What is being asked:
For this exercise, print all of the data exactly as given.

Records to process:
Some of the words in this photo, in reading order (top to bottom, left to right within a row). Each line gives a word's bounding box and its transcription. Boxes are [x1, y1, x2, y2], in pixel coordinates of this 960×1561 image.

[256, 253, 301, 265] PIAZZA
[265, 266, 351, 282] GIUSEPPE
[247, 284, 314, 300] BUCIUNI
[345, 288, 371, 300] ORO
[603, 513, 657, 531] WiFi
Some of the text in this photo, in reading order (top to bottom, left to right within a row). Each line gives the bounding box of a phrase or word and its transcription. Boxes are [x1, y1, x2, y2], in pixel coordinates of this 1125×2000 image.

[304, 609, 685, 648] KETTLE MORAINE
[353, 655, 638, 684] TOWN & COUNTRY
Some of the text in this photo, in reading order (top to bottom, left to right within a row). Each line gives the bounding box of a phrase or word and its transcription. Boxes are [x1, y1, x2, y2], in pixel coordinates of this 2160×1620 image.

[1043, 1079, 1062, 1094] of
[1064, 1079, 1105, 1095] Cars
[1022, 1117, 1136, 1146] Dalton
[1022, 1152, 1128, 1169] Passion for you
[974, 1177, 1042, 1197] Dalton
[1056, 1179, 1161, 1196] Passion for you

Reply to the task:
Some of the words in this photo, in reading order (top to bottom, left to right within a row). Each line gives a word's bounding box and its transcription. Boxes are [x1, y1, x2, y2], in pixel coordinates of this 960×1561 image.

[256, 253, 301, 265] PIAZZA
[265, 266, 351, 282] GIUSEPPE
[247, 284, 314, 300] BUCIUNI
[345, 288, 371, 300] ORO
[603, 513, 657, 531] WiFi
Some of the text in this photo, in reading order (top to bottom, left to right within a row). Each line gives the bounding box of a phrase or word and its transcription. Boxes are [x1, y1, x2, y2], in pixel coordinates of this 1125×2000 image.

[304, 609, 685, 648] KETTLE MORAINE
[353, 655, 638, 684] TOWN & COUNTRY
Some of the text in this photo, in reading order (top to bottom, left to right within a row). Each line gives the bounding box of a phrase or word and its transcription. Boxes are [x1, y1, x2, y2], in pixel coordinates of this 2160×1620 image.

[1043, 1079, 1062, 1094] of
[1064, 1079, 1105, 1095] Cars
[1022, 1117, 1136, 1146] Dalton
[1022, 1152, 1128, 1169] Passion for you
[974, 1177, 1042, 1197] Dalton
[1056, 1179, 1161, 1196] Passion for you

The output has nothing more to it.